FRAMINGHAM – The 11-member Framingham City Council will vote tonight, November 22, on setting the tax rate, and deciding how much of a tax burden to give to commercial & industrial property owners and how much residential property owners should shoulder.
The main reason for the increase is a 10% increase in property values for residential properties.
The current residential tax rate is $13.74 per $1,000 valuation. The proposed rate is $13.06 per $1,000 valuation.
Even with the drop in the rate, homeowners will see an increase in their bill, due to the rise in real estate property values.
And that is with a split tax rate, in which businesses pay a higher rate than residential property owners.
The legislative branch of City Government discussed the tax rate issue at its meeting last Tuesday, November 15, but could not make a decision. So tonight, November 22 a special virtual only-meeting for tonight, November 22 at 7 p.m.

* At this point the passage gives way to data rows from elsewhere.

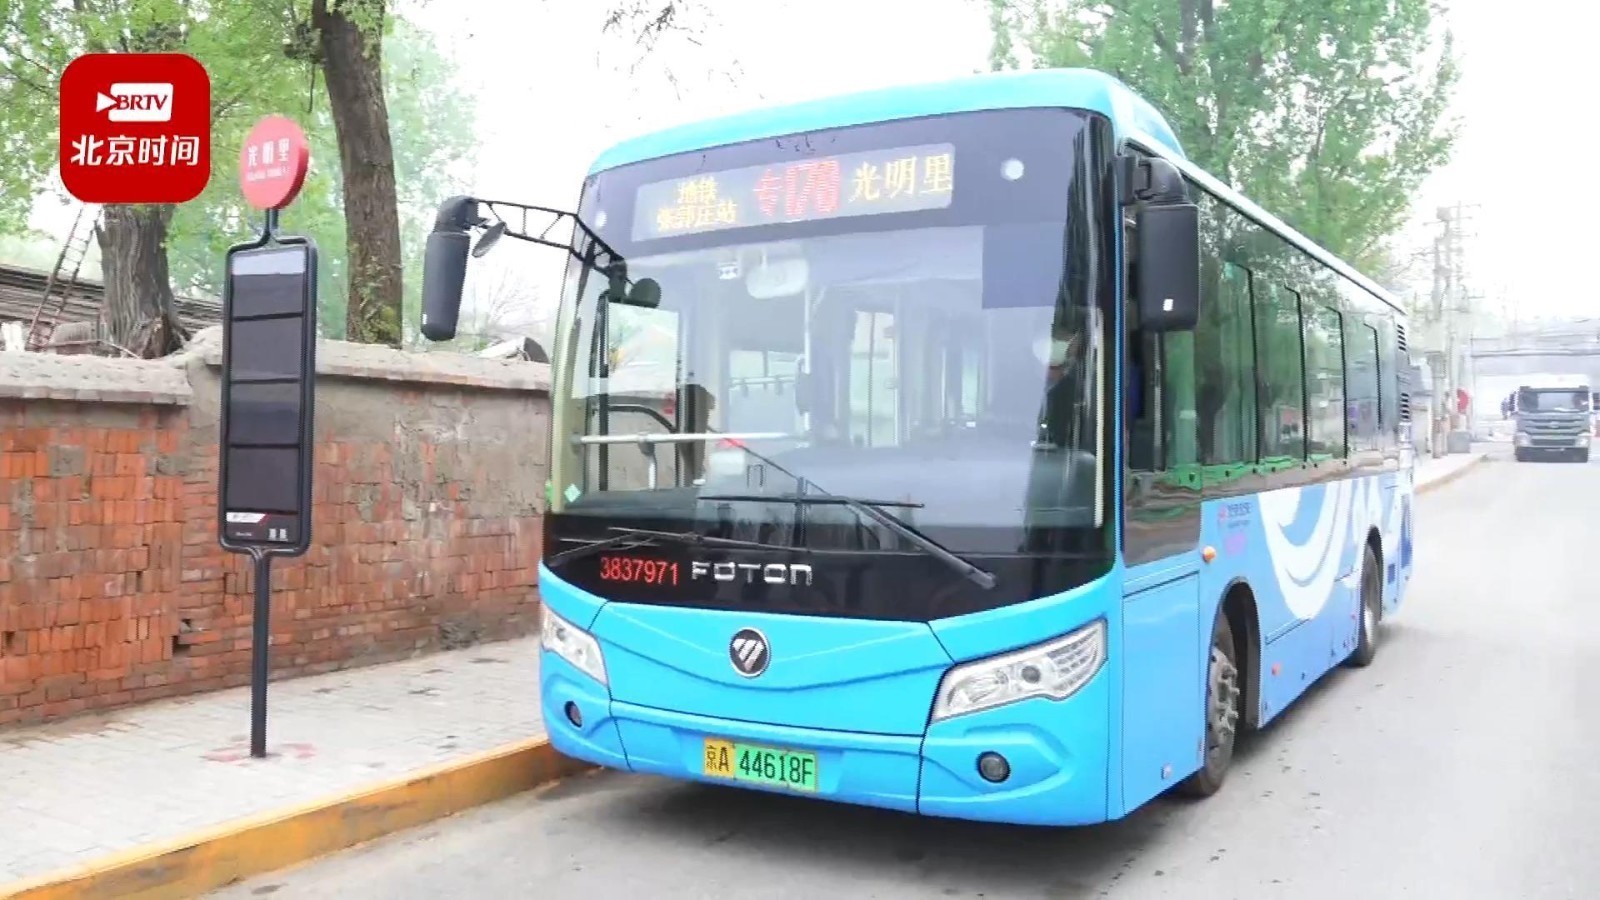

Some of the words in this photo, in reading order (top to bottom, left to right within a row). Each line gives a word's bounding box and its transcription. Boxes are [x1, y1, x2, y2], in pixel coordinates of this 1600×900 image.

[849, 153, 953, 201] 光明里
[600, 556, 679, 586] 3837971
[692, 561, 812, 586] FOTON
[706, 745, 729, 772] 京A
[739, 750, 814, 785] 44618F

The tax bill for the average residential property owner is proposed to increase by 5.19%.
That means the average tax bill would increase to about $7,096.
The median single family home in Framingham is $498,800. That tax bill would be about $6,500.

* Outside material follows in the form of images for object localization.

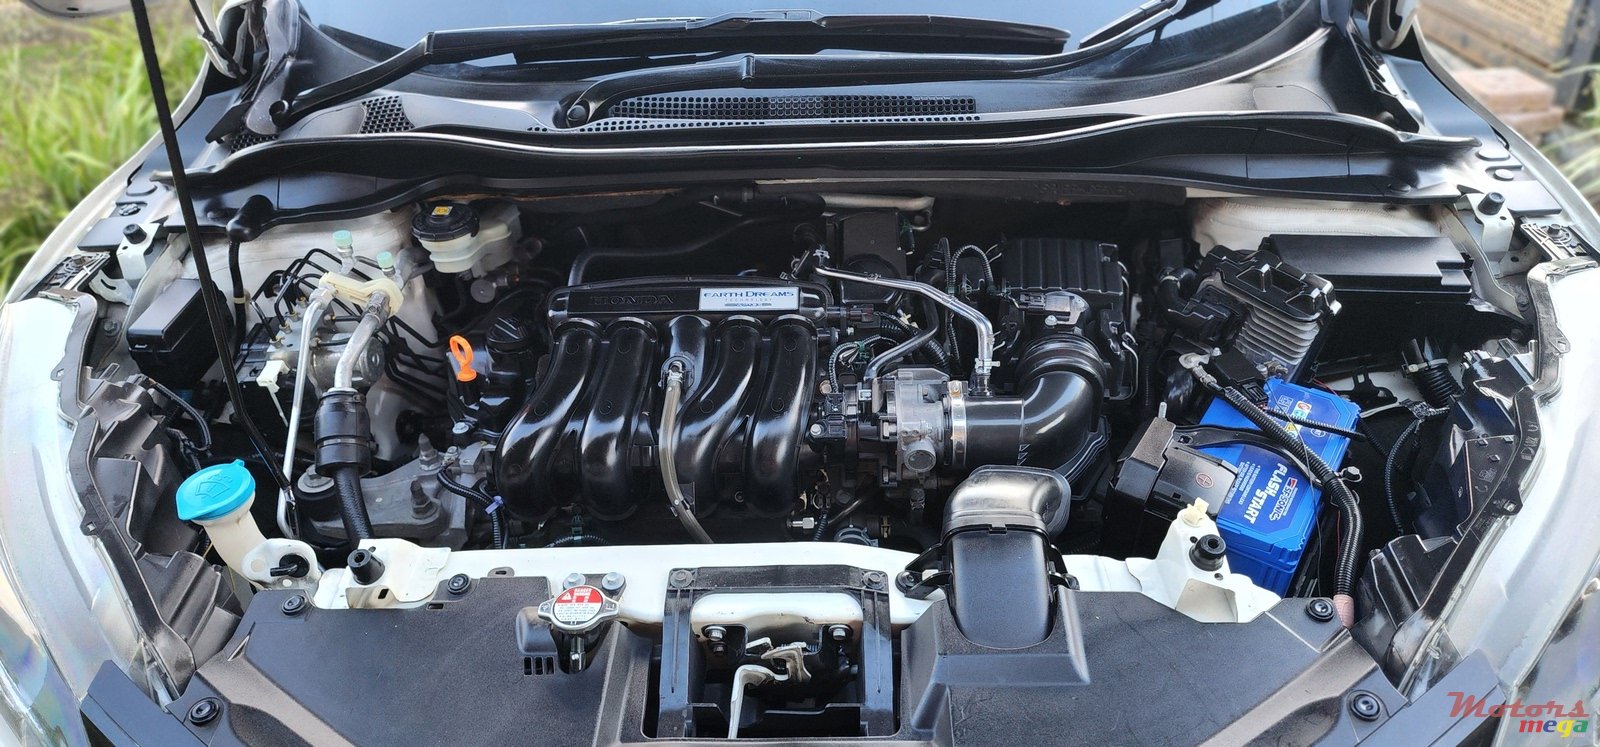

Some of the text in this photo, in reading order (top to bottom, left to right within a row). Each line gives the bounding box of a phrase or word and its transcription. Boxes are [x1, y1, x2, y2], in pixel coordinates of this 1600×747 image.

[745, 290, 794, 298] DREAMS
[1244, 463, 1288, 525] FLASH START
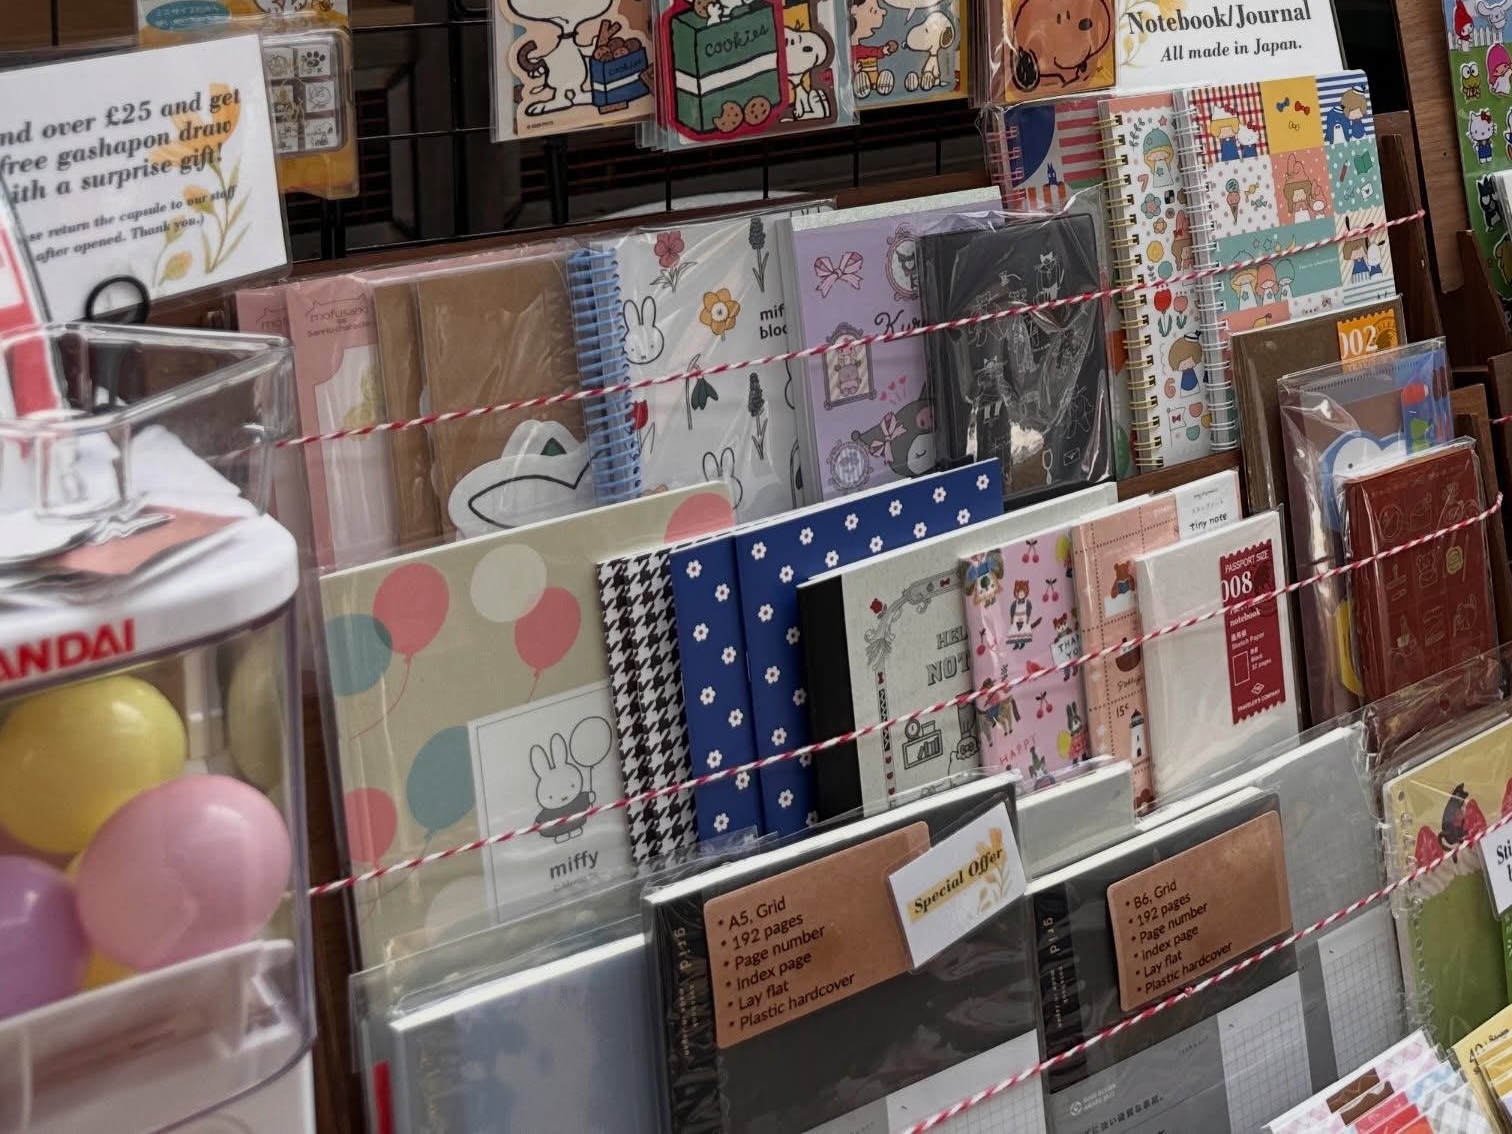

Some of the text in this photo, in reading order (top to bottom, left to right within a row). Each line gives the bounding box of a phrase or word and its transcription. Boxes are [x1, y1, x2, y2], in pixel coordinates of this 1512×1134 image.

[1127, 0, 1312, 35] Notebook/Journal
[704, 24, 770, 58] cookies
[1160, 38, 1302, 62] All made in Japan.
[42, 116, 96, 139] over
[105, 100, 152, 128] £25
[161, 91, 202, 117] and
[209, 88, 240, 114] get
[0, 154, 48, 176] free
[57, 132, 170, 171] gashapon
[179, 118, 232, 143] draw
[11, 143, 223, 204] ith a surprise gift!
[48, 185, 237, 238] return the capsule to our staff
[36, 215, 205, 263] after opened. Thank you.)
[1189, 512, 1227, 533] tiny note
[1225, 548, 1269, 575] PASSPORT SIZE
[1229, 609, 1262, 628] notebook
[0, 619, 136, 686] ANDAI
[1000, 733, 1037, 765] HAPPY
[549, 849, 599, 882] miffy
[913, 847, 1004, 916] Special Offer
[1133, 879, 1177, 909] B6, Grid
[1136, 892, 1191, 927] 192 pages
[728, 896, 787, 932] A5, Grid
[733, 914, 804, 952] 192 pages
[1140, 901, 1209, 947] Page number
[674, 926, 692, 971] grid
[734, 925, 826, 975] Page number
[1043, 917, 1060, 956] grid
[1142, 926, 1199, 962] Index page
[736, 952, 812, 992] Index page
[1144, 951, 1183, 980] Lay flat
[1145, 940, 1233, 993] Plastic hardcover
[738, 979, 790, 1014] Lay flat
[739, 972, 856, 1031] Plastic hardcover

This would be the largest increase to homeowners in about a decade, as many are still struggling coming out of the pandemic with rising inflation.
According to a presentation, residential properties increased by 10.2%
There are roughly 19,085 residential parcels in the City including, 13,533 single family homes and 3,315 residential condominiums.

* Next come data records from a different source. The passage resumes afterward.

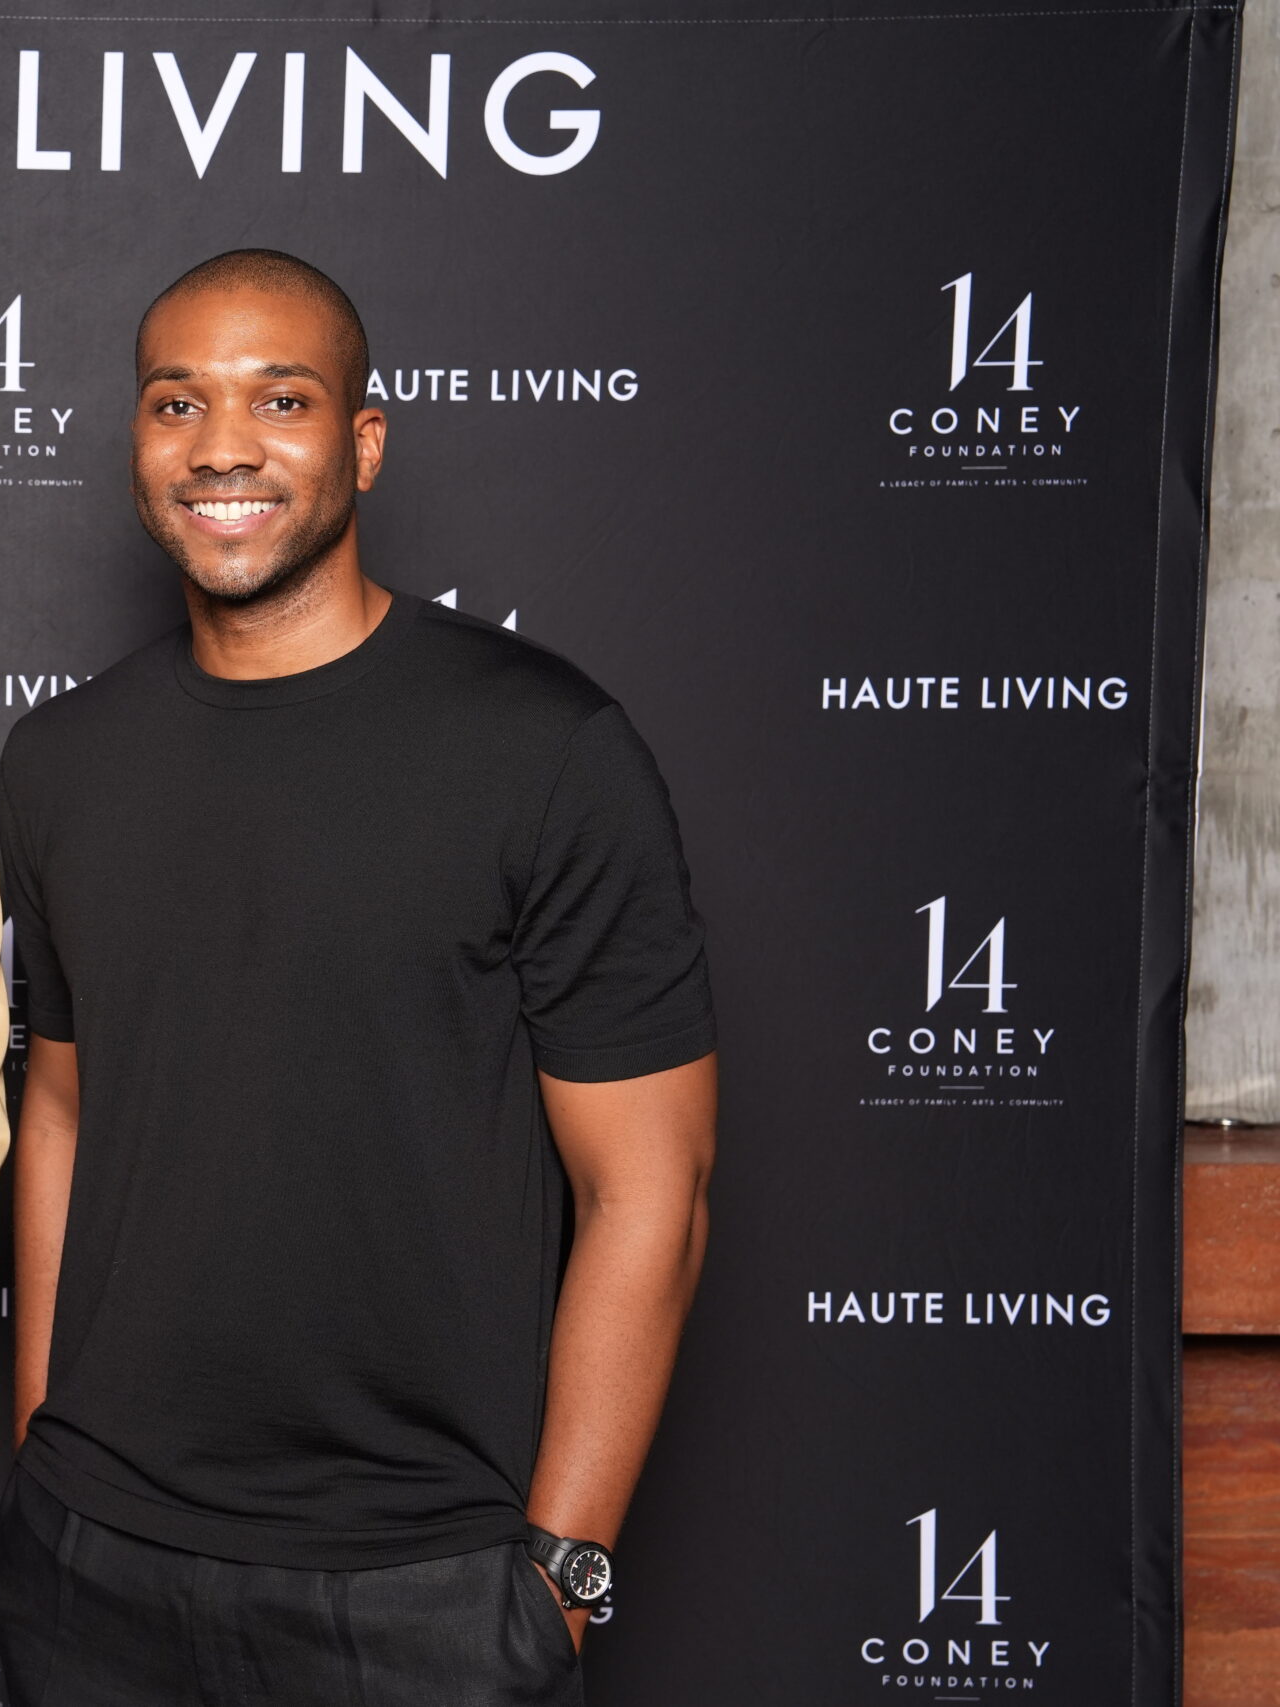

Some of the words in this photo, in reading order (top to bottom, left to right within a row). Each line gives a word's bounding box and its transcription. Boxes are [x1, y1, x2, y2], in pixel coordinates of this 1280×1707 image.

[16, 45, 601, 180] LIVING
[940, 271, 1044, 392] 14
[365, 368, 469, 402] AUTE
[490, 368, 639, 403] LIVING
[888, 405, 1081, 436] CONEY
[908, 444, 1062, 458] FOUNDATION
[27, 479, 84, 487] COMMUNITY
[890, 480, 926, 488] LEGACY
[994, 479, 1018, 487] ARTS
[1032, 478, 1088, 486] COMMUNITY
[821, 676, 960, 710] HAUTE
[981, 676, 1128, 710] LIVING
[914, 895, 1018, 1014] 14
[867, 1027, 1055, 1055] CONEY
[887, 1064, 1038, 1078] FOUNDATION
[869, 1098, 905, 1106] LEGACY
[908, 1098, 921, 1106] OF
[972, 1099, 995, 1107] ARTS
[1008, 1099, 1064, 1107] COMMUNITY
[807, 1290, 944, 1324] HAUTE
[965, 1292, 1111, 1327] LIVING
[905, 1507, 1012, 1626] 14
[860, 1637, 1050, 1668] CONEY
[881, 1674, 1034, 1689] FOUNDATION

Commercial properties increased by 8.7%. There are roughly 854 parcels.
Industrial class values increased by 7.7%. There are 108 industrial parcels in the City.
City Council Finance Subcommittee Chair George P.King Jr. questioned how the Administration reached the $350 number and how much was related to the shift away from commercial & industrial property owners? How much was from the new Fuller Middle School?
City of Framingham Chief Financial Officer Louise Miller, in a memo to the 11 City Councilors, wrote there were 4 components to the average single-family tax bill increase:
First the $108 is attributable to the shift in the valuation between the residential and the commercial/industrial/personal property class, wrote Miller.
“The average single-family value for FY23 is $543,360. Assuming the same tax levy as FY22, the tax rate would be $12.614, which yields a tax bill of $6,854. The average tax bill would be $108 higher than in FY22, which was $6,746,” explained Miller in the memo.
Miller said that $110 is attributable to the increase in the tax levy. “The tax levy increase is 1.57%. This accounts for $110 of the increase in the single-
family tax bill.”
The tax levy is based on the budget Mayor Charlie Sisitsky proposed in Spring 2022, which the City Council approved in June 2022. That fiscal year started on July 1, 2022 and ends on June 30,2023.
CFO Miller said “$32 is attributable to the increase in the excluded debt service for the Fuller Middle School project. The debt service for the Fuller Middle School is increasing by close to $1 million, which yields a $32 increase in the excluded debt portion of the tax bill.”
And finally Millers said $97 of the $350 proposed increase is attributable to new growth.
“Questions were raised as to why new growth would be a component of the increase in the single-family tax bill, since presumably, it should already be part of the levy. New growth was $4 million, which was approximately $.5 million higher than budgeted. This is new growth that is captured during the fiscal year and contributes $170 million to the City’s total valuation. Including new growth as part of the tax levy and then dividing it among all property values that have not contributed to the new growth may seem counterintuitive. However, this amount needs to be added to the total tax levy since the new growth taxes will be collected in FY23 and the increase in the property value needs to be added to the denominator,” wrote Miller in her memo to the City Councilors.
“This does not mean that the average residential property owner’s valuation is affected. For instance, if a residential property owner adds a garage to their home, the garage will be captured as new growth. This new growth does not affect the homeowner’s neighbors, even though it affects the City’s average single-family tax bill, because the new growth increased the total City valuation and the individual homeowner’s taxes, increasing the average tax bill,” wrote Miller.
“For FY23, actual new growth exceeded budget by $.5 million. The excess new growth has been allocated to the overlay account. This money would then be available to fund abatements. If it is not needed, then the Mayor may request that excess overlay be released to the City for further appropriation. If not appropriated after release, it would release to the undesignated fund balance and contribute to Free Cash. Given the City’s Free Cash position, it seems fiscally prudent to allocate the $.5 million to the overlay account. It could be used instead to reduce the tax levy,” wrote the CFO to the legislative branch.
The CFO Miller will not attend tonight’s meeting but Chief Assessor Ed O’Neil is expected to attend.